### What you will do
In your copy, leave out the pictures and repeat the entries below exactly.
Data supplied: Begin
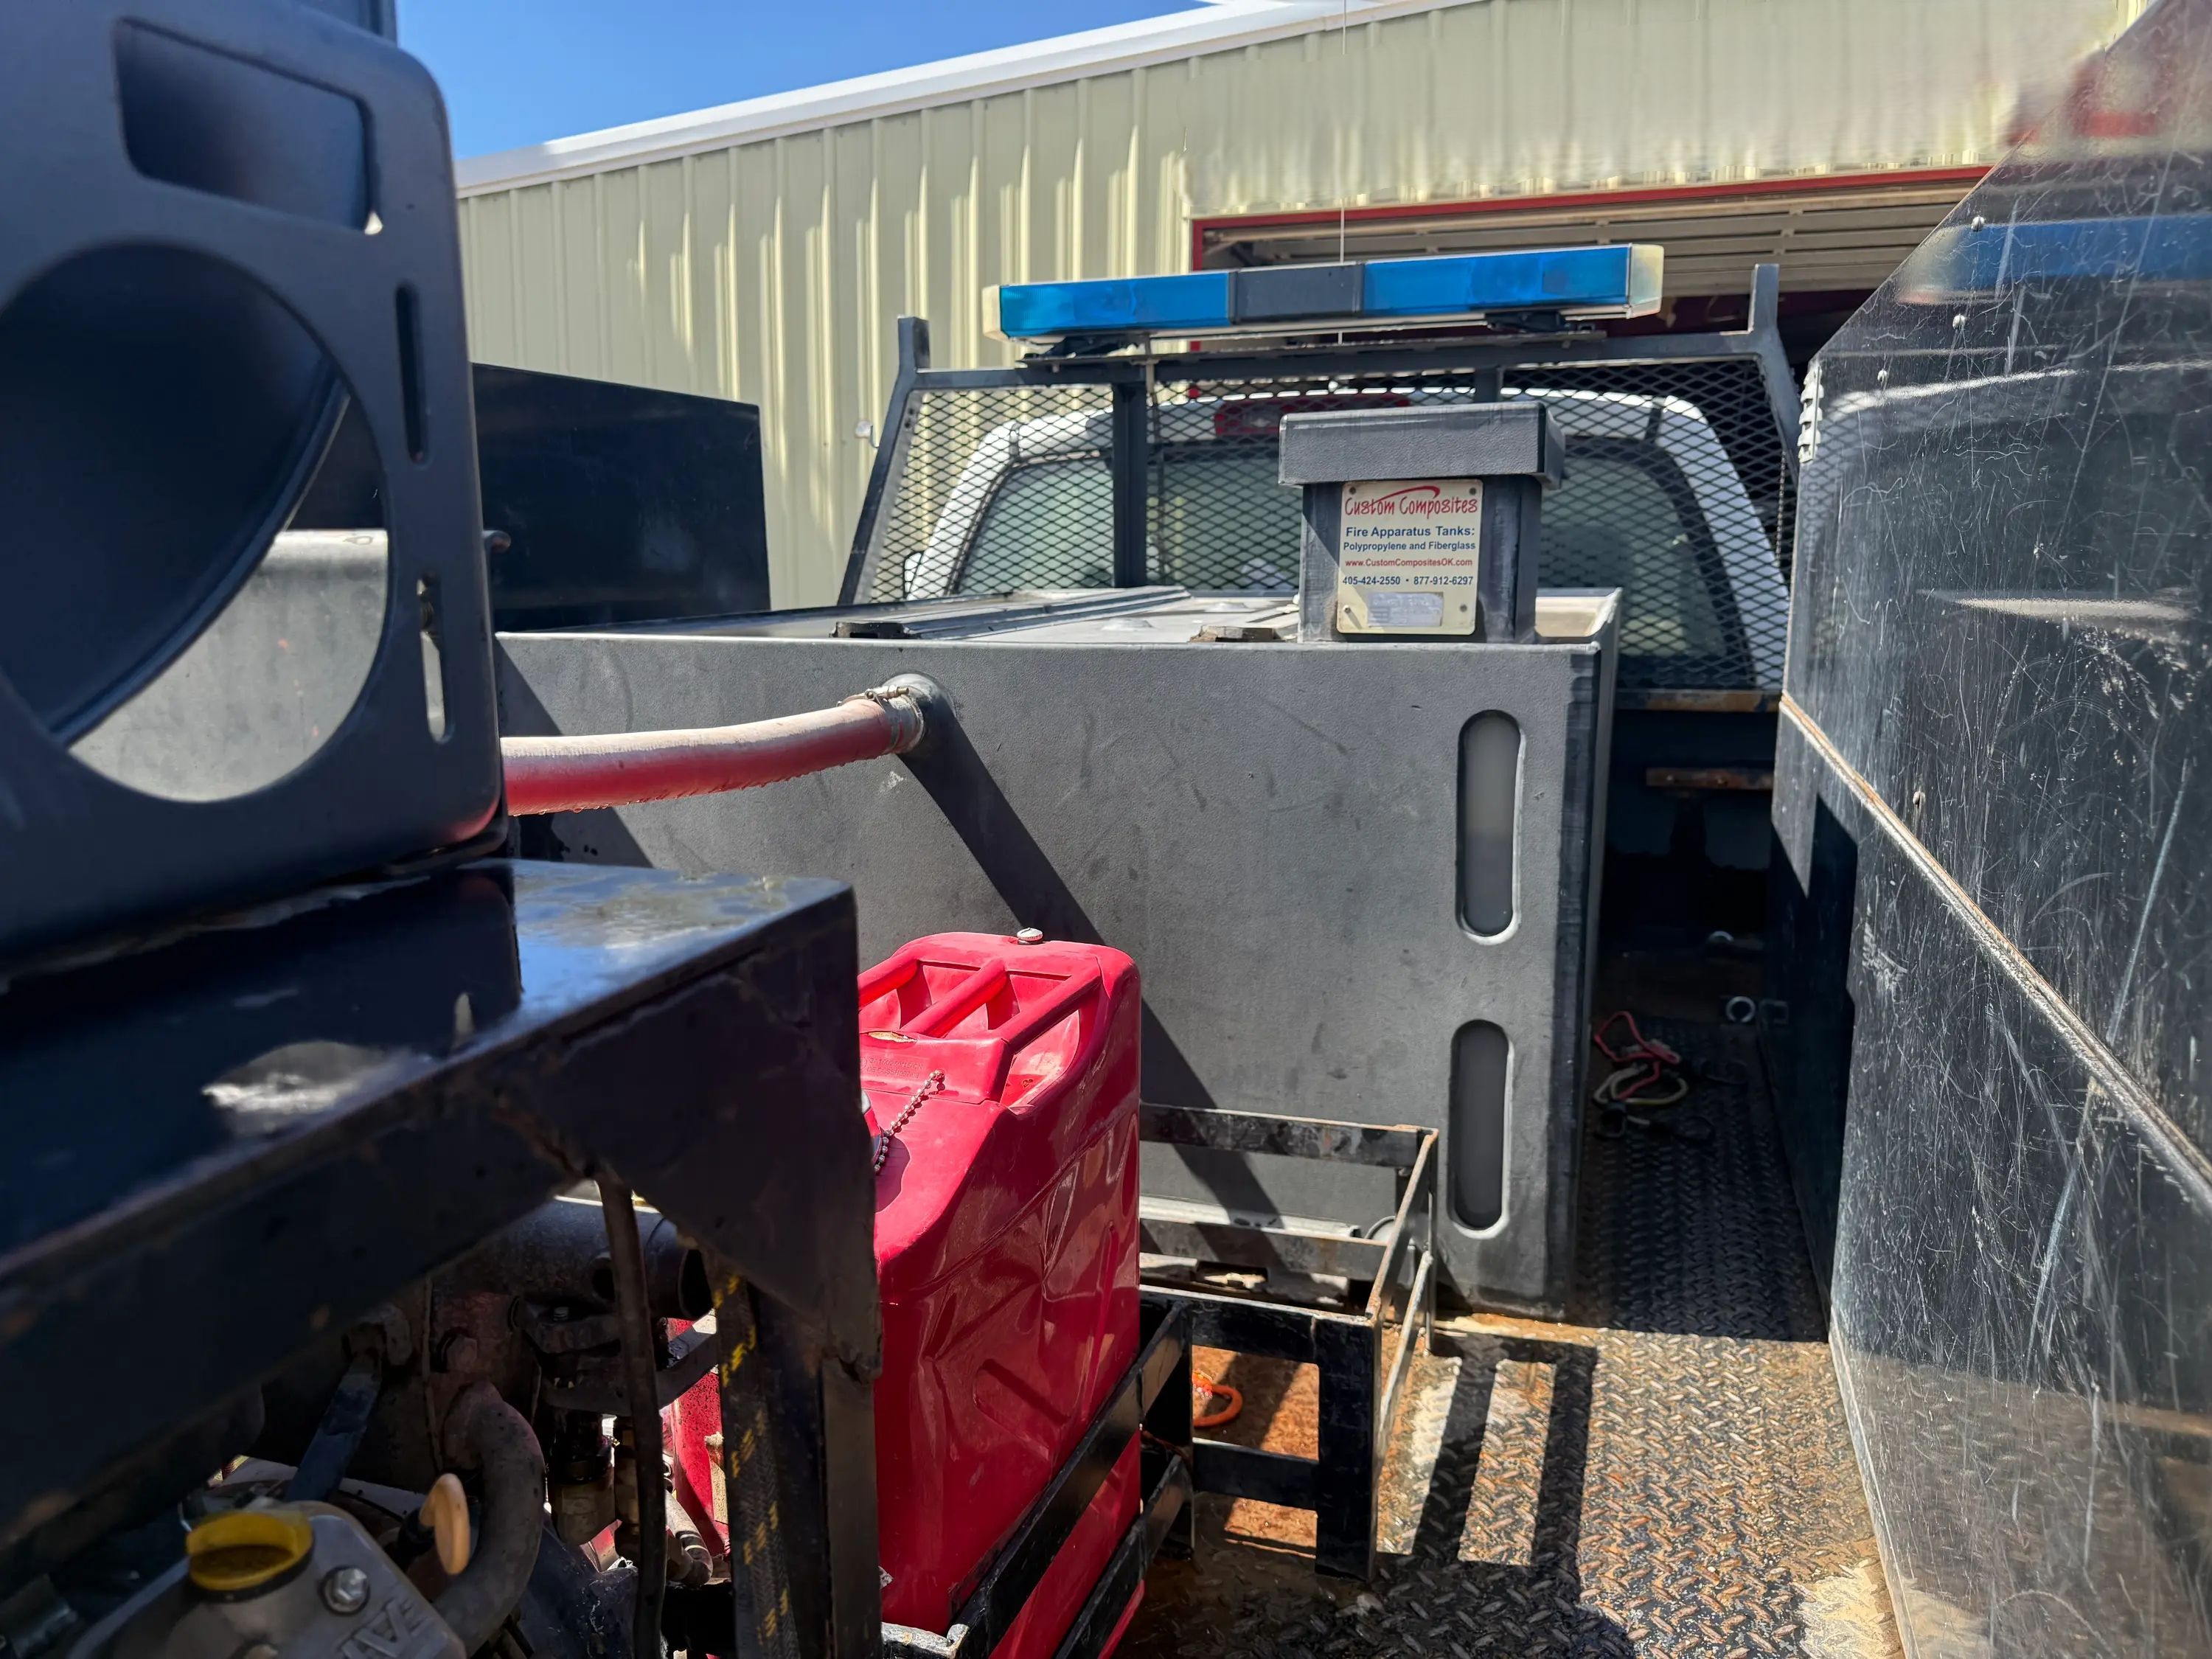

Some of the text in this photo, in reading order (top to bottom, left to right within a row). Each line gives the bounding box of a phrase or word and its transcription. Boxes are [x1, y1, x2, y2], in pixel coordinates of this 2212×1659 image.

[1345, 496, 1478, 519] Custom Composites
[1346, 526, 1475, 539] Fire Apparatus Tanks:
[1343, 541, 1475, 552] Polypropylene and Fiberglass
[1345, 558, 1472, 568] www.CustomCompositesOK.com
[1343, 577, 1473, 585] 405-424-2550 877-912-6297
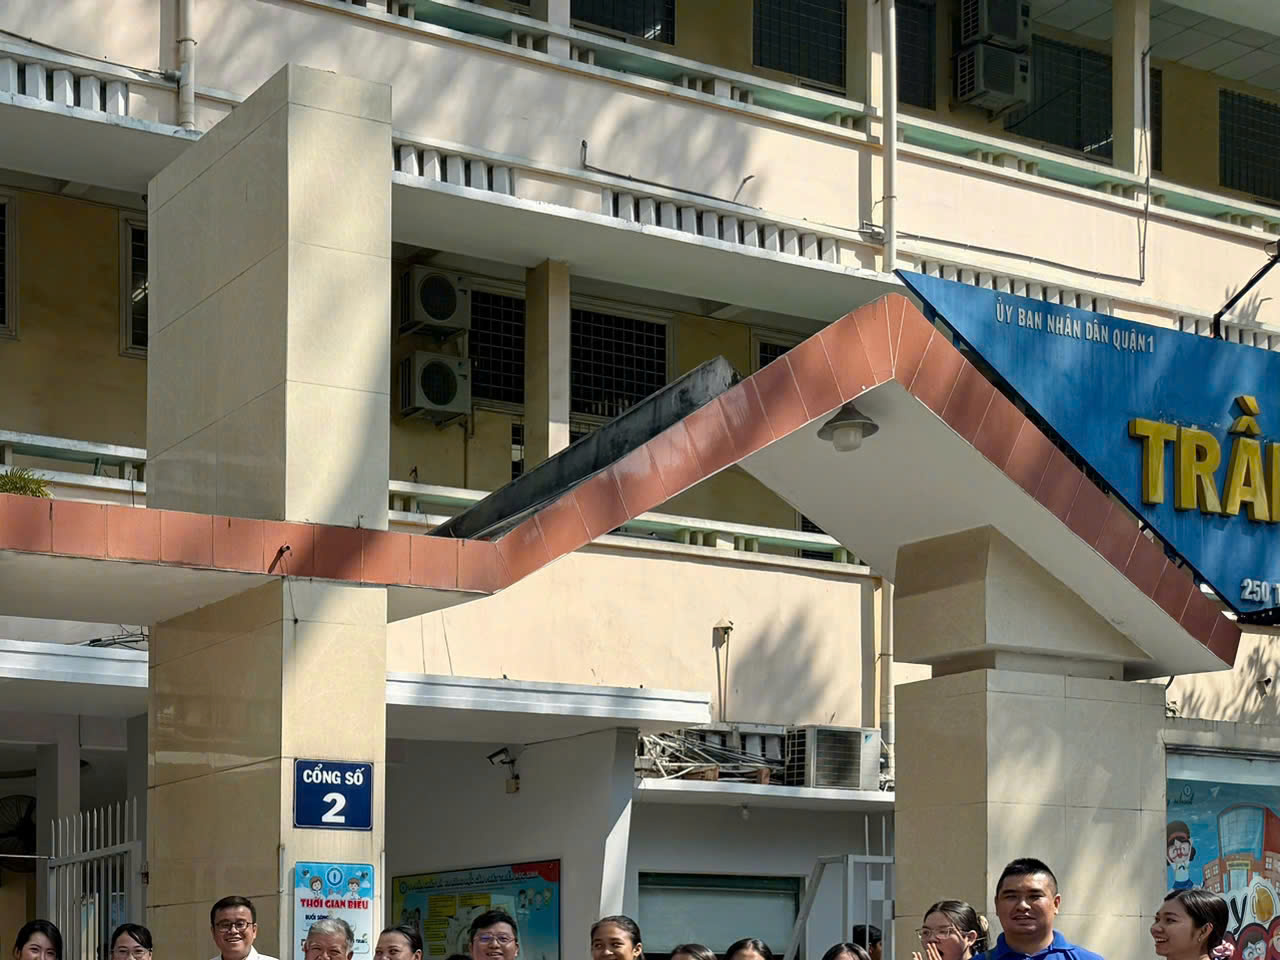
Data supplied: End
### Exercise answer
Some of the text in this photo, in reading order (top to bottom, left to right within a row). Each line gives the bounding box of a phrase or word and its transcription. Boxes are [x1, y1, x2, y2], in pixel coordinates of this 2212×1659 image.

[1345, 496, 1478, 519] Custom Composites
[1346, 526, 1475, 539] Fire Apparatus Tanks:
[1343, 541, 1475, 552] Polypropylene and Fiberglass
[1345, 558, 1472, 568] www.CustomCompositesOK.com
[1343, 577, 1473, 585] 405-424-2550 877-912-6297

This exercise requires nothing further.